Still, when all the red herrings and non-issues have been checked off, there remain some serious questions. Why, Maloney asks, should “schools pay people to operate offices and programs that are blatantly political in nature?” (He has in mind offices and programs like Women’s Studies, Gay and Lesbian Studies, African American Studies, Chicano Studies.)

The answer to that question is to pose two others: (1) Are there programs with those names that are more political than academic? (2) Do programs with those names have to be more political than academic?

The answer to the first question is yes, to the second no. It is certainly the case that many of these programs gained a place in the academy through political activism, but that doesn’t mean that once they are in political activism need be, or should be, the content of their activities. Race, gender and class are not myths. They are realities and as such worthy of serious study. There are more than enough legitimate academic topics to keep an ethnic or gender studies department going for decades — the recovery of lost texts, the history of economic struggle and success, the relationship of race, ethnicity and gender to medical research. And there is no reason in principle that such investigations must begin or end in accusations against capitalism, the white male Protestant establishment and the United States government.
But they always do. And it's partially the self-isolation in supposedly victimized little enclaves that leads to it happening every time. While Fish rightly argues that the "studies" programs should be allowed to maunder on about race, class and sex, er, gender, until their heads explode, he makes no case for their continued existence as independent disciplines. They shouldn't be. They should be part of the broader history department (say), where an adult can keep an eye on them.

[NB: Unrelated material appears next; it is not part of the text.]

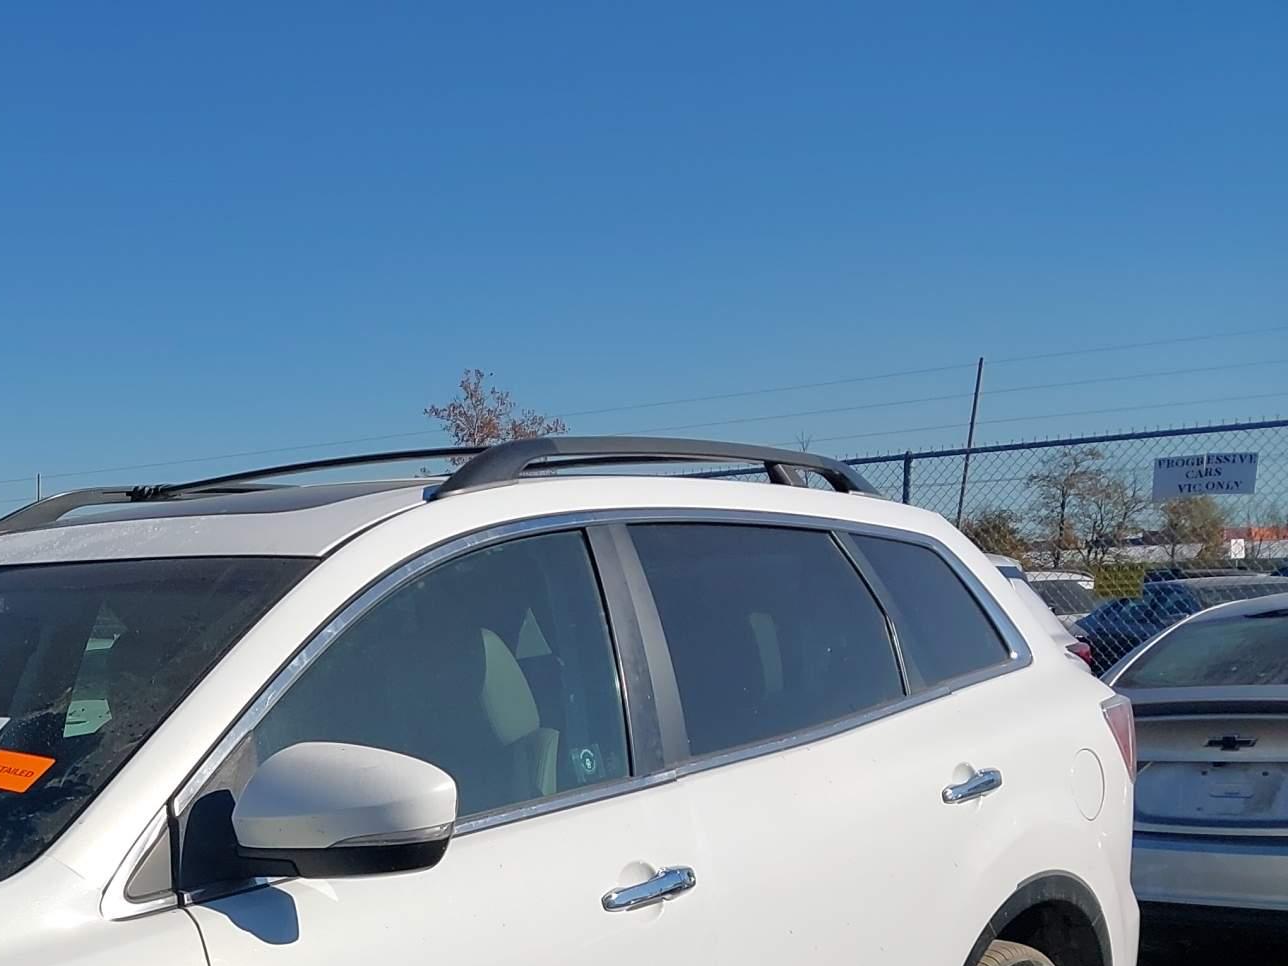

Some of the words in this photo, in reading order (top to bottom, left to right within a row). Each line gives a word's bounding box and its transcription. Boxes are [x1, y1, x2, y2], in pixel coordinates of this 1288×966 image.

[1157, 453, 1258, 469] PROGRESSIVE
[1185, 467, 1222, 479] CARS
[1205, 480, 1242, 491] ONLY

Update: "Dot, dot, dot": Ward Churchill holds forth on some radio program. Nothing really interesting or new except the incredible lame-osity of the program itself. The spoken word/music intro is actually painful to listen to. Once you get a dose of that just skip in five minutes or so to Ward.

Update II: I wasn't clear that the spoken word/crap music-intro to the show actually lasts at least five minutes. Just skip on by if you must, little missies, but listen if you can, for it is dorky to the max.

Update III: PB notes Susan Shown Harjo's encomium (and it really is one) to Vern Bellecourt. Wart Churchill makes a brief, rude appearance.